As defined by the Canadian Medical Association (CMA), gender is “culturally-determined cognitions, attitudes, and belief systems about females and males”.[1] In 2014 the CMA published the resolutions adopted by their General Council in the annual meeting of the CMA, detailing that “all adolescents and adult persons have the right to define their own gender identity”.[2] Gender is a term that is inclusive beyond the binary of male and female.

Cisgender

Cisgender, as defined by the oxford dictionary, is a “a person whose sense of personal identity and gender corresponds with their [assigned] birth sex”.[3]

Target Market

A target market consists of the customers a company aims to sell its products to. As such, all ads and the design

Determining the target market.[4]

of the product will be directly targeted to interest the chosen market (customers). A target market is typically defined by geographical location, demographics, behavior, buying power, and psychographics.[5]

Marketing Tactics

Ideal Self

Many advertisements seek to match the brand’s/product’s personality, with the consumer’s ideal self. This means, the advertisement will depict the company’s target market’s perceived ideal self. This is done to create an emotional attachment to the brand, thus increasing customer loyalty and the number of purchases.[6] For example, a product such as a health drink will display ads of extremely fit individuals. What commonly happens for most products is that the advertisements will have what society views as its idealistic individual, which is often unrealistic and non-inclusive. In turn, the constant display of these overly idealized people in ads, will cement what society believes. Marketing and media both create and preserve these problematic ideals. The problem therefore, must be dealt with at the root: the companies.

Issues

An example of the ideal image of men created by marketing.[7]

The ideal self used in marketing is highly problematic in that it creates unobtainable body images. For women, there is a concentrated focus on having the perfectly proportioned and skinny body. Perfect makeup with flawless skin is also a must. Often this “perfect body” will also play into a highly sexualized ad which objectifies the woman. Men, too, face this unobtainable standard. Their ideal body is often depicted as buff and extremely fit.

This display of unobtainable yet supposedly "ideal bodies", is one of the leading reasons for mental health issues surrounding the body, such as eating disorders. Research continually shows that one’s body image is “significantly more negative after viewing thin media images than after viewing images of either average size models, plus size models, or inanimate objects”.[8] This is particularly relevant for children and young adults as they are more vulnerable to such ads.[8]
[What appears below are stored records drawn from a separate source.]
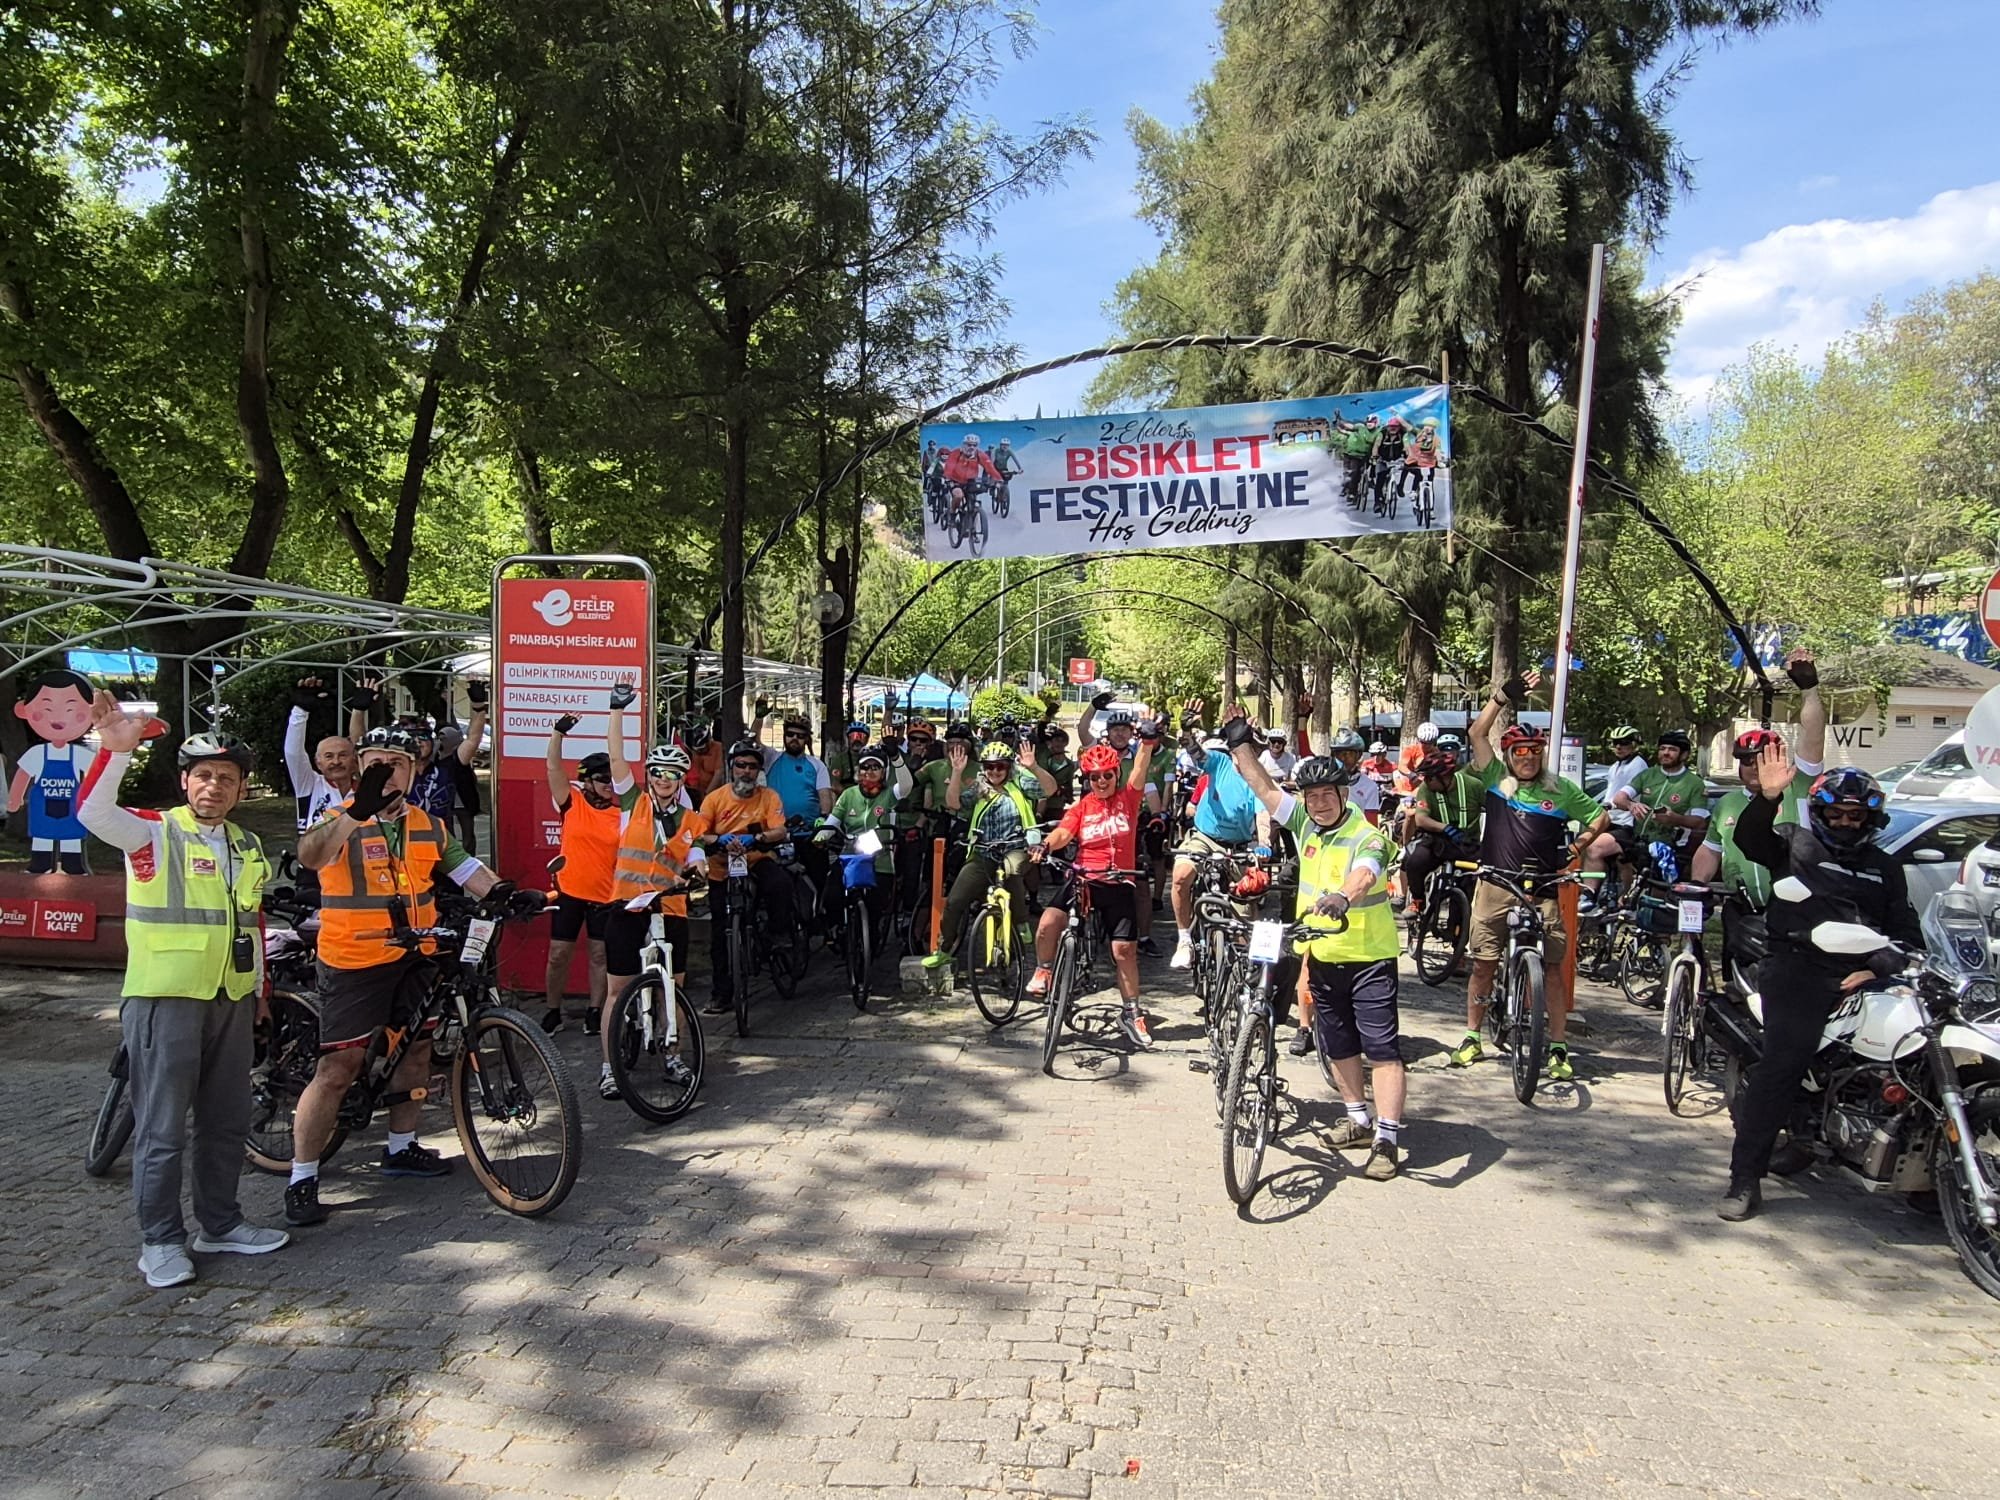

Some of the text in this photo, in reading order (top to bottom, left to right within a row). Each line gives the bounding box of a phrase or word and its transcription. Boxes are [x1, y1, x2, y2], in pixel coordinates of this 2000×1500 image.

[1089, 505, 1257, 545] Hoş Geldiniz
[573, 599, 615, 612] EFELER
[509, 634, 637, 648] PINARBAŞI MESİRE ALANI
[508, 666, 549, 680] OLİMPİK
[551, 669, 598, 682] TIRMANIŞ
[508, 692, 589, 706] PINARBAŞI KAFE
[508, 717, 539, 727] DOWN
[1832, 726, 1874, 748] WC
[40, 777, 76, 788] DOWN
[43, 788, 72, 798] KAFE
[44, 910, 83, 923] DOWN
[47, 920, 78, 933] KAFE
The "ideal self" created by companies is also highly problematic in that the ads stray towards displaying Caucasian men and woman as this ideal, thus perpetuating cisgendered Caucasians as the ‘ideal’ standard.

Hypersexualization

The hypersexualization of women.[9]
Men VS Women in ads.[10]

Hypersexualization is the sexualization and objectification of a person. This is a basic definition of the concept. In marketing, this hypersexualization is most often applied to women and girls (girls being defined as children). The hypersexualization usually take the form of ads with scantily clad women. These ads aim for a target market of heterosexual men. When compared to advertisements featuring men, the sexualization of women’s bodies is evident.
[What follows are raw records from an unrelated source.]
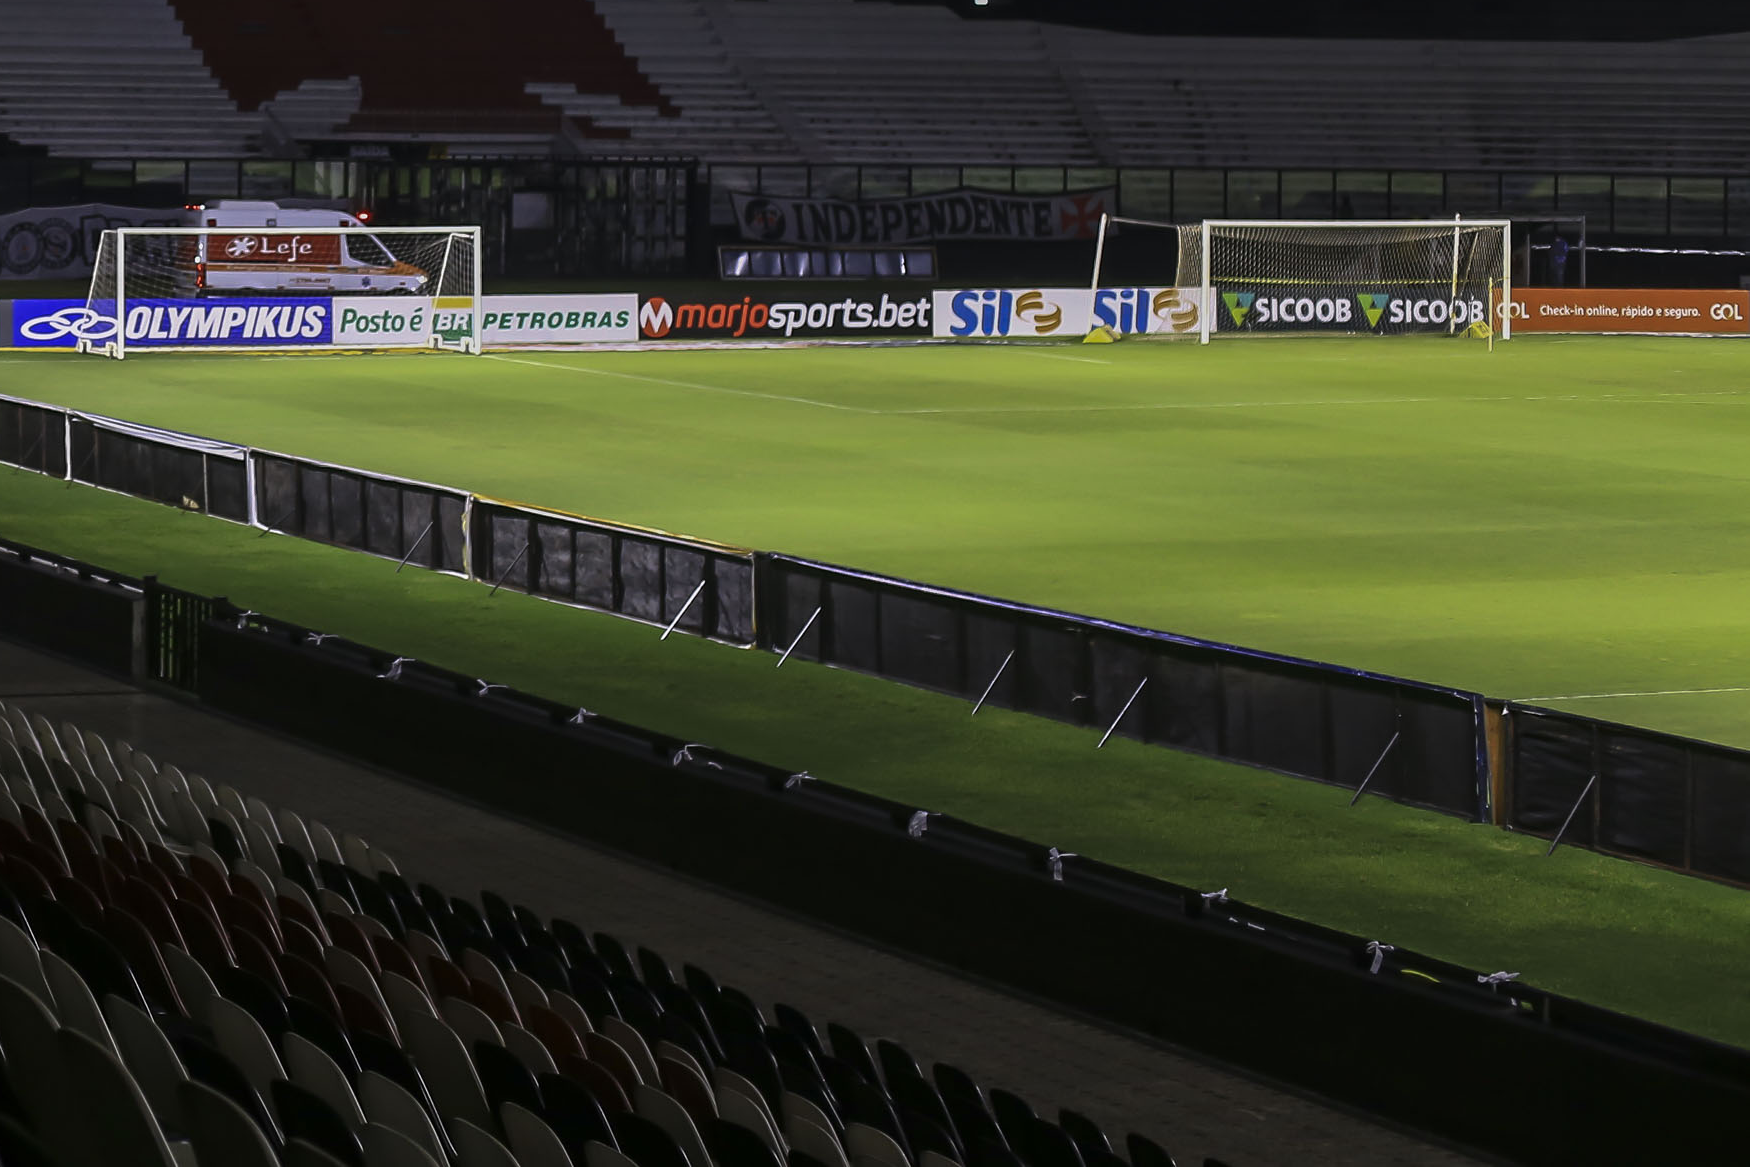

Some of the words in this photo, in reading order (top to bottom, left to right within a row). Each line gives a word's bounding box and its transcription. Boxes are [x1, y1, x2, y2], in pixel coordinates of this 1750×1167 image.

[792, 194, 1051, 240] INDEPENDENTE
[260, 236, 313, 263] Lefe
[126, 305, 327, 340] OLYMPIKUS
[340, 308, 402, 334] Posto
[410, 306, 424, 332] é
[435, 313, 469, 331] BR
[482, 312, 630, 331] PETROBRAS
[676, 293, 932, 337] marjosports.bet
[949, 290, 1013, 336] Sil
[1093, 289, 1149, 334] Sil
[1256, 297, 1352, 324] SICOOB
[1389, 299, 1484, 324] SICOOB
[1539, 304, 1584, 317] Check-in
[1586, 304, 1620, 318] online,
[1621, 304, 1654, 319] rápido
[1655, 307, 1662, 317] e
[1664, 307, 1701, 320] seguro.
[1710, 303, 1743, 321] GOL
A padded bathing suit sold by Primark targeted towards seven year olds.[11]

Hypersexualization in marketing does not only take the form of advertising, but of products as well. This is most noticeable in children’s products. The Canadian Women’s Health Network (CWHN) defines the hypersexualization of girls as being “depicted or treated as sexual objects. It [is] sexuality that is inappropriately imposed on girls through media, marketing or products directed at them that encourages them to act in adult sexual ways”.[12] Sexual products directed at young children range anywhere from thongs to padded bikinis/bras. Companies such as Primark and Ambercrombie and Fitch have recently been called out for the sexualization of children through their padded and pushup bikini lines for children as young as seven.[11]

Intersectionality

Kimberle Crenshaw [13]

Intersectionality is a term coined by Kimberle Crenshaw in her article “Demarginalizing the intersection of race and sex: A black feminist critique of antidiscrimination doctrine, feminist theory and antiracist politics”.[14] In Leslie McCall’s article “The Complexity of Intersectionality”, intersectionality is defined as “the relationships among multiple dimensions and modalities of social relations and subject formations”.[15] Essentially, this means that one’s traits cannot be treated as mutually exclusive. As Crenshaw puts it, traits such as race and gender cannot be treated “as mutually exclusive categories of experience and analysis”, but instead must be examined in tandem with one another.[14] This theory can include the intersection of all manner of traits. To list only a few examples: health, race, gender, sex, and economic status. This term would apply, for example, when examining the feminism as applied to an Asian woman, versus a Caucasian woman.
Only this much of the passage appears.